A lot has been said about the advances that India has made in the field of medicine. The top end health care centres in the country are considered some of the best in the world and attract patients from every corner of the globe. Due to the high quality of treatment, as well as the low costs, Indian hospitals and doctors are immensely popular. But are you aware of just how rich the Indian heritage is when it comes to medical sciences? The first plastic surgeon in this world was an Indian and there are written documentations of this fact.

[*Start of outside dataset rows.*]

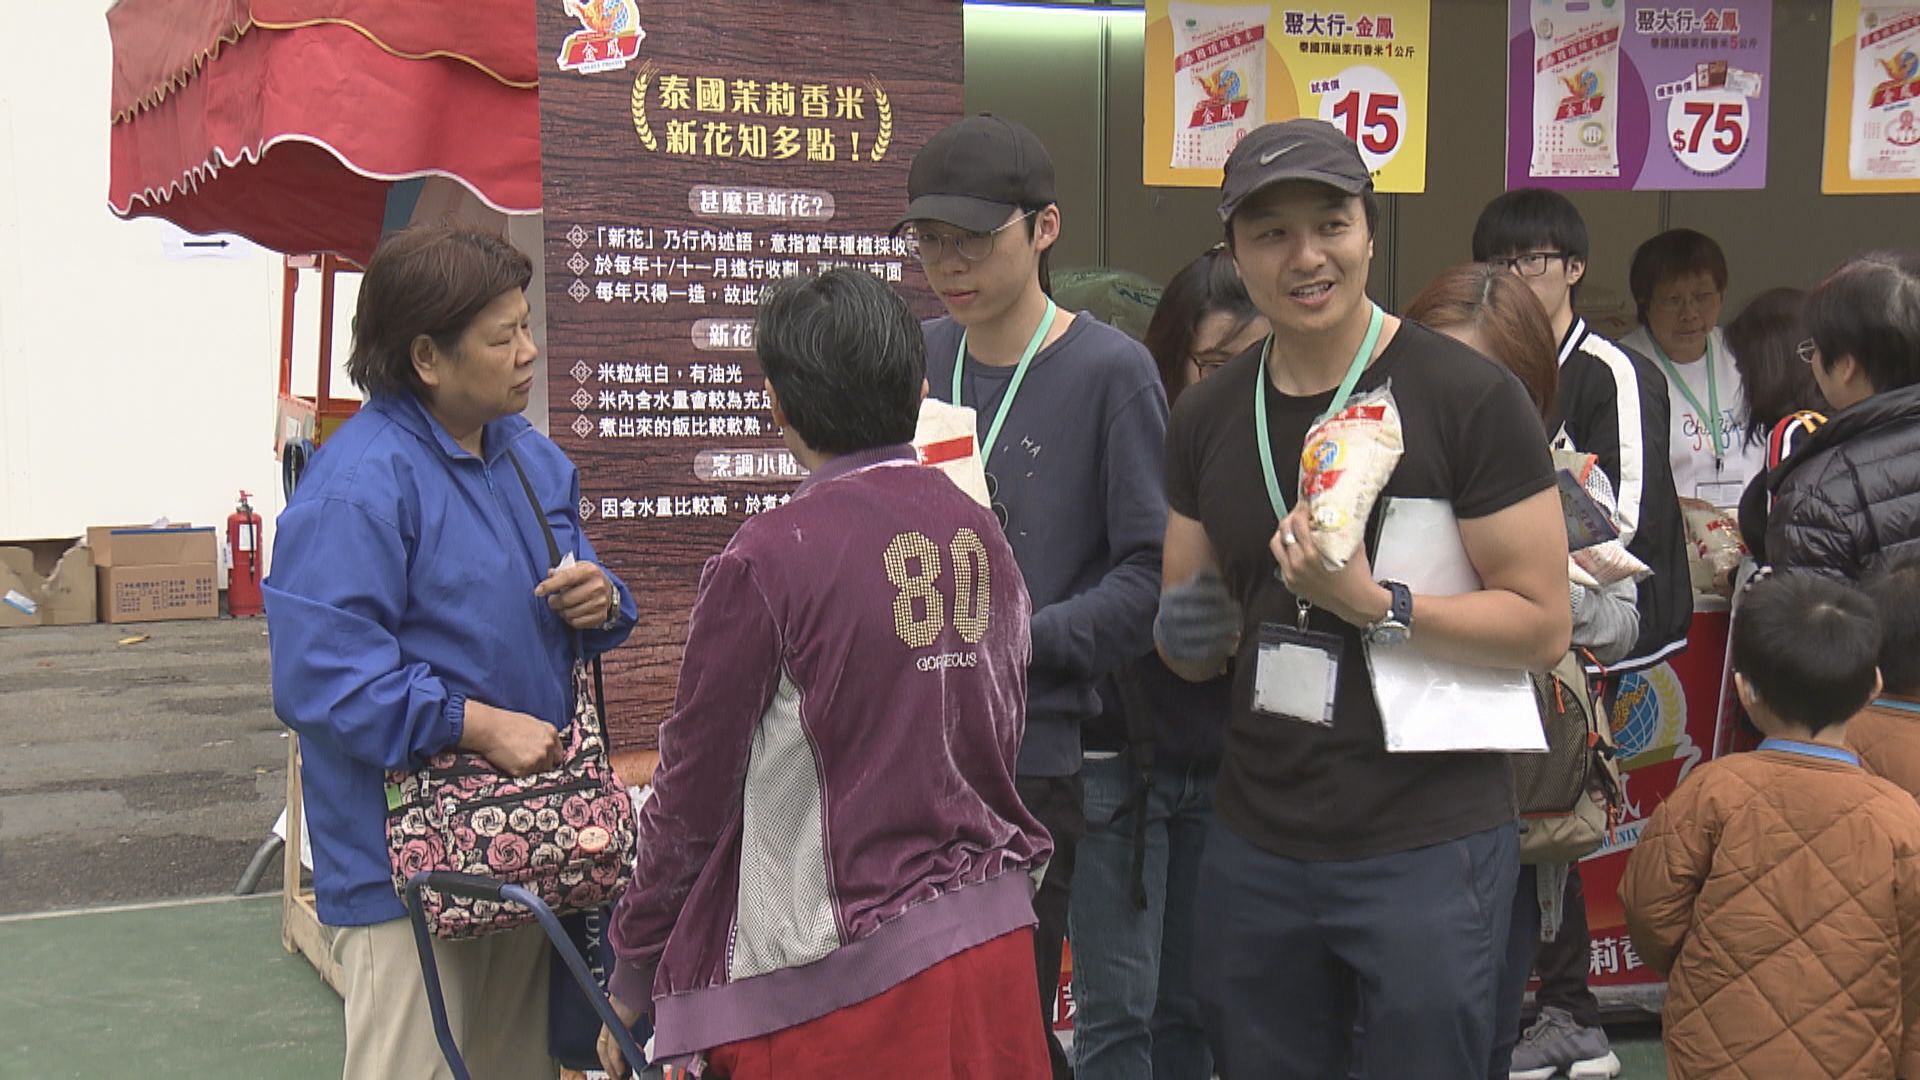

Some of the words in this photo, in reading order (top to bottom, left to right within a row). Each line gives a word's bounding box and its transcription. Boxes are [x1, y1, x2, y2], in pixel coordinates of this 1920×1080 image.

[1285, 11, 1394, 39] 聚大行-金鳳
[1637, 9, 1738, 33] 聚大行-金鳳
[658, 74, 865, 121] 泰國茉莉香米
[1333, 90, 1399, 155] 15
[1673, 102, 1743, 155] $75
[599, 415, 784, 438] 煮出來的飯比較軟熟，
[711, 453, 811, 478] 烹調小貼
[883, 527, 990, 649] 80
[916, 651, 978, 672] GOREOUS

Prime Minister Narendra Modi may have recently mentioned that the first plastic surgery of this world was performed by Lord Shiva on his son Ganesha, where an elephant’s head was grafted on the dead boy, but had he wanted, he could have easily picked a lot more credible source. Many experts may believe that the Vedas and Indian epics are works of fiction, but the Sanskrit records that described the work of Sushruta are considered authentic by renowned experts everywhere. It was the Sushruta that described in writing how to perform a plastic surgery, that too all the way back in 600 BC. In fact, he even described the process of rhinoplasty in his treatise on medicine, something that the Europeans could only perfect in the 19th century.
A written record of Sushruta’s work exists, known as the Sushruta Samhita. Over a thousand diseases have been covered in this work, along with remedies to treat them. From the usage of herbs, to extracting minerals for creating specialised medicine, and even surgery has been expounded upon in these manuscripts.

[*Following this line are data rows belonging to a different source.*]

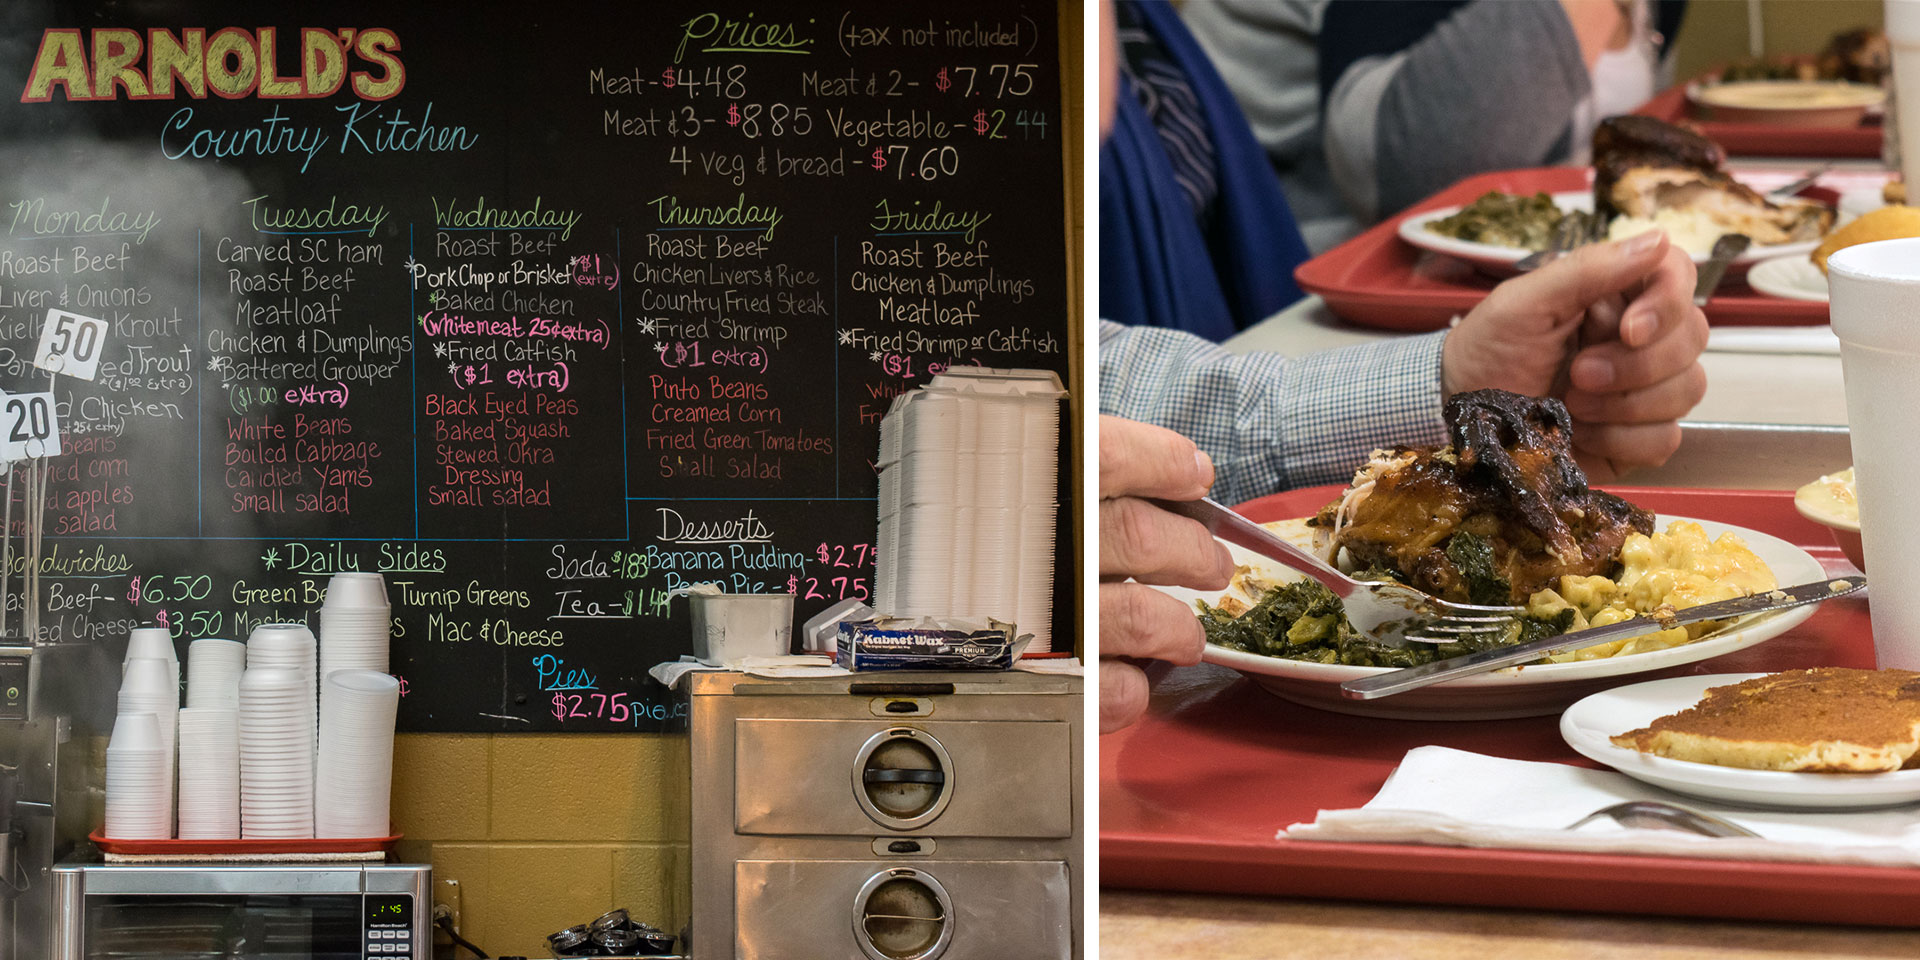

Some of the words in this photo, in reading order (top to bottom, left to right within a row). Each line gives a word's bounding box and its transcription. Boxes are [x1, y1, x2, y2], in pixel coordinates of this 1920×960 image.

[839, 11, 891, 57] (tax
[902, 19, 935, 47] not
[20, 26, 406, 102] ARNOLD'S
[662, 64, 746, 98] $4.48
[803, 71, 859, 97] Meat
[867, 71, 880, 96] &
[936, 63, 1038, 98] $7.75
[604, 110, 661, 136] Meat
[726, 102, 812, 138] $8.85
[973, 108, 1047, 140] $2.44
[162, 105, 329, 173] Country
[335, 101, 479, 154] Kitchen
[669, 146, 691, 175] 4
[700, 151, 745, 185] veg
[756, 149, 768, 174] &
[871, 145, 958, 180] $7.60
[10, 196, 161, 244] Monday
[242, 195, 390, 237] Tuesday
[432, 196, 582, 241] Wednesday
[648, 193, 783, 241] Thursday
[870, 199, 991, 244] Friday
[217, 237, 294, 264] Carved
[299, 238, 330, 263] SC
[338, 238, 383, 265] ham
[437, 232, 499, 257] Roast
[509, 232, 557, 257] Beef
[646, 233, 707, 259] Roast
[716, 235, 768, 259] Beef
[862, 240, 923, 268] Roast
[933, 240, 990, 267] Beef
[1, 248, 64, 279] Roast
[72, 243, 130, 274] Beef
[499, 272, 510, 284] or
[512, 260, 572, 285] Brisket
[633, 262, 706, 284] Chicken
[709, 263, 762, 286] Livers
[776, 264, 820, 287] Rice
[59, 284, 69, 307] &
[77, 284, 151, 307] Onions
[228, 266, 293, 295] Roast
[302, 266, 356, 292] Beef
[851, 271, 923, 295] Chicken
[939, 267, 1035, 304] Dumplings
[236, 293, 342, 329] Meatloaf
[435, 289, 494, 311] Baked
[502, 290, 574, 316] Chicken
[641, 289, 721, 323] Country
[725, 290, 770, 314] Fried
[777, 291, 829, 315] Steak
[880, 297, 980, 326] Meatloaf
[114, 307, 182, 338] Krout
[655, 317, 709, 338] Fried
[720, 318, 787, 349] Shrimp
[51, 315, 98, 363] 50
[208, 329, 287, 355] Chicken
[313, 324, 413, 364] Dumplings
[448, 339, 497, 361] Fried
[504, 339, 577, 362] Catfish
[851, 328, 903, 353] Fried
[906, 330, 967, 358] Shrimp
[971, 336, 985, 349] or
[988, 326, 1059, 353] Catfish
[127, 344, 192, 375] Trout
[221, 355, 318, 382] Battered
[322, 356, 399, 386] Grouper
[649, 374, 699, 400] Pinto
[708, 375, 768, 400] Beans
[6, 397, 50, 442] 20
[81, 395, 183, 421] Chicken
[426, 393, 478, 416] Black
[485, 392, 528, 422] Eyed
[537, 393, 579, 415] Peas
[652, 403, 730, 423] Creamed
[739, 402, 781, 423] Corn
[228, 414, 287, 441] White
[295, 413, 352, 438] Beans
[436, 419, 495, 441] Baked
[505, 418, 570, 446] Squash
[647, 427, 696, 450] Fried
[704, 427, 752, 450] Green
[754, 428, 833, 454] Tomatoes
[61, 432, 117, 456] Beans
[296, 438, 382, 471] Cabbage
[436, 440, 499, 464] Stewed
[509, 442, 554, 464] Okra
[314, 464, 373, 488] Yams
[446, 466, 523, 488] Dressing
[66, 481, 134, 515] apples
[429, 485, 483, 506] Small
[656, 508, 774, 542] Desserts
[285, 543, 359, 574] Daily
[378, 543, 447, 572] Sides
[546, 544, 608, 579] Soda
[646, 545, 723, 570] Banana
[127, 575, 211, 606] $6.50
[232, 580, 296, 604] Green
[394, 582, 461, 611] Turnip
[467, 580, 531, 608] Greens
[787, 574, 868, 601] $2.75
[428, 613, 472, 642] Mac
[493, 620, 564, 646] Cheese
[533, 654, 598, 690] Pies
[551, 692, 628, 722] $2.75

Written in Sanskrit, the Sushruta Samhita dates back to the times before Christ, and is one of the earliest works in the field of medicine. It forms the foundations of the ancient Hindu form of medicine known as Ayurveda.
An advanced research into the field of surgery
Sushruta made advances in the field of surgery that were far ahead of his time. Some of the procedures he discussed in the manuscripts could not be perfected by European doctors until the 19th century. Some topics covered by Sushruta include hernia surgery, caesarean section, tooth extraction and more. He also discussed proper cauterisation method to stop bleeding along with the procedure to properly drain abscess in a safe manner.
While a lot of these treatments are commonplace today, to think that they had been researched and perfected centuries ago is nothing short of a wonder. Sushruta did not limit himself to merely healing wounds and fixing diseases, he even touched upon the subject of plastic surgery in his work. In one of these incidents he even discussed rhinoplasty.
As per Sushruta, the skin from the cheek can be used to reconstruct the nose in case it needed mending in any way. This is the earliest recorded incident of skin grafting in records anywhere. More than just removal and placing of the skin, Sushruta also discussed the proper way to treat the skin and prepare it for grafting. He suggested that physician use liquorice and sandalwood to first treat the freshly removed skin and then graft it. Such detailed reviews of highly advanced medical procedures are the reason Sushruta is considered the forefather of modern medicine and surgery by many.
Along with Charak Samhita and the Bower Manuscripts, the work by Sushruta forms the basis of modern day Ayurveda. He may very well have laid the foundations for modern day corrective and cosmetic surgery. Experts continue to study his work even today, and wonder at the brilliance of a man so ahead of his peers.